• Exercise aim: Restate the records below word for word, and omit the images they hold.

• Records supplied:
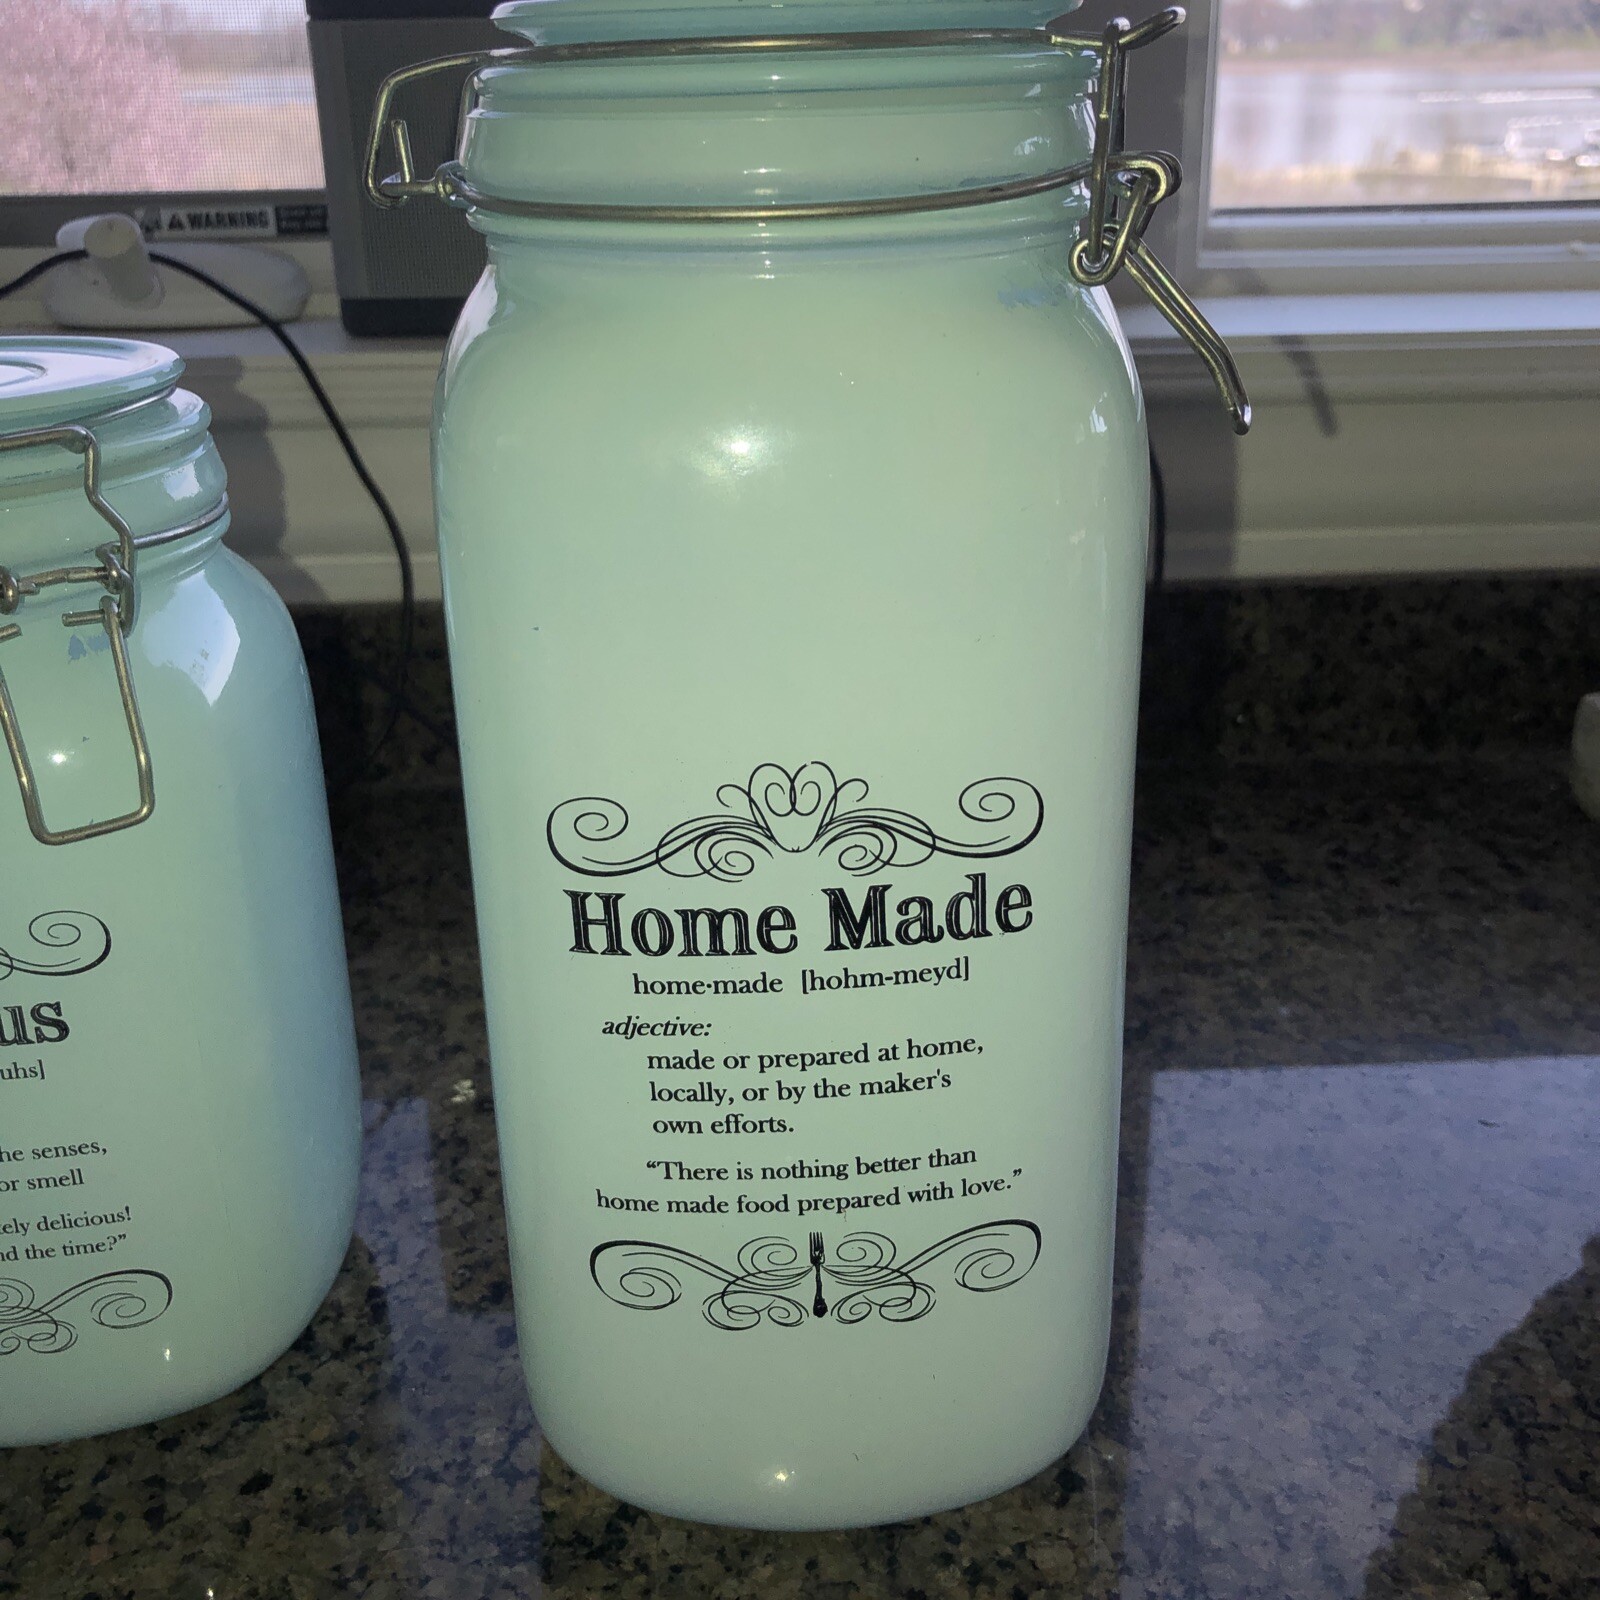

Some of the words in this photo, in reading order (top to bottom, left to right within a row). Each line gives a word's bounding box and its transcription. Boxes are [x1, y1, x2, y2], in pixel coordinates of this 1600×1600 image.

[186, 211, 270, 229] WARNING
[563, 889, 798, 957] Home
[821, 872, 1033, 951] Made
[802, 956, 969, 994] [hohm-meyd]
[602, 1015, 712, 1040] adjective:
[647, 1049, 715, 1070] made
[723, 1055, 750, 1069] or
[757, 1042, 870, 1073] prepared
[878, 1044, 900, 1062] at
[907, 1038, 983, 1059] home,
[649, 1081, 734, 1106] locally,
[742, 1088, 769, 1101] or
[775, 1080, 806, 1104] by
[813, 1078, 851, 1098] the
[859, 1068, 951, 1095] maker's
[653, 1120, 703, 1134] own
[711, 1113, 794, 1134] efforts.
[32, 1141, 107, 1159] senses,
[737, 1161, 753, 1180] is
[761, 1159, 849, 1180] nothing
[855, 1156, 921, 1175] better
[928, 1148, 977, 1168] than
[27, 1168, 84, 1190] smell
[596, 1189, 659, 1212] home
[666, 1195, 729, 1213] made
[737, 1194, 790, 1213] food
[797, 1187, 901, 1216] prepared
[907, 1181, 954, 1203] with
[37, 1206, 131, 1232] delicious!
[24, 1244, 56, 1260] the

• Result:
Some of the words in this photo, in reading order (top to bottom, left to right within a row). Each line gives a word's bounding box and its transcription. Boxes are [x1, y1, x2, y2], in pixel coordinates of this 1600×1600 image.

[186, 211, 270, 229] WARNING
[563, 889, 798, 957] Home
[821, 872, 1033, 951] Made
[802, 956, 969, 994] [hohm-meyd]
[602, 1015, 712, 1040] adjective:
[647, 1049, 715, 1070] made
[723, 1055, 750, 1069] or
[757, 1042, 870, 1073] prepared
[878, 1044, 900, 1062] at
[907, 1038, 983, 1059] home,
[649, 1081, 734, 1106] locally,
[742, 1088, 769, 1101] or
[775, 1080, 806, 1104] by
[813, 1078, 851, 1098] the
[859, 1068, 951, 1095] maker's
[653, 1120, 703, 1134] own
[711, 1113, 794, 1134] efforts.
[32, 1141, 107, 1159] senses,
[737, 1161, 753, 1180] is
[761, 1159, 849, 1180] nothing
[855, 1156, 921, 1175] better
[928, 1148, 977, 1168] than
[27, 1168, 84, 1190] smell
[596, 1189, 659, 1212] home
[666, 1195, 729, 1213] made
[737, 1194, 790, 1213] food
[797, 1187, 901, 1216] prepared
[907, 1181, 954, 1203] with
[37, 1206, 131, 1232] delicious!
[24, 1244, 56, 1260] the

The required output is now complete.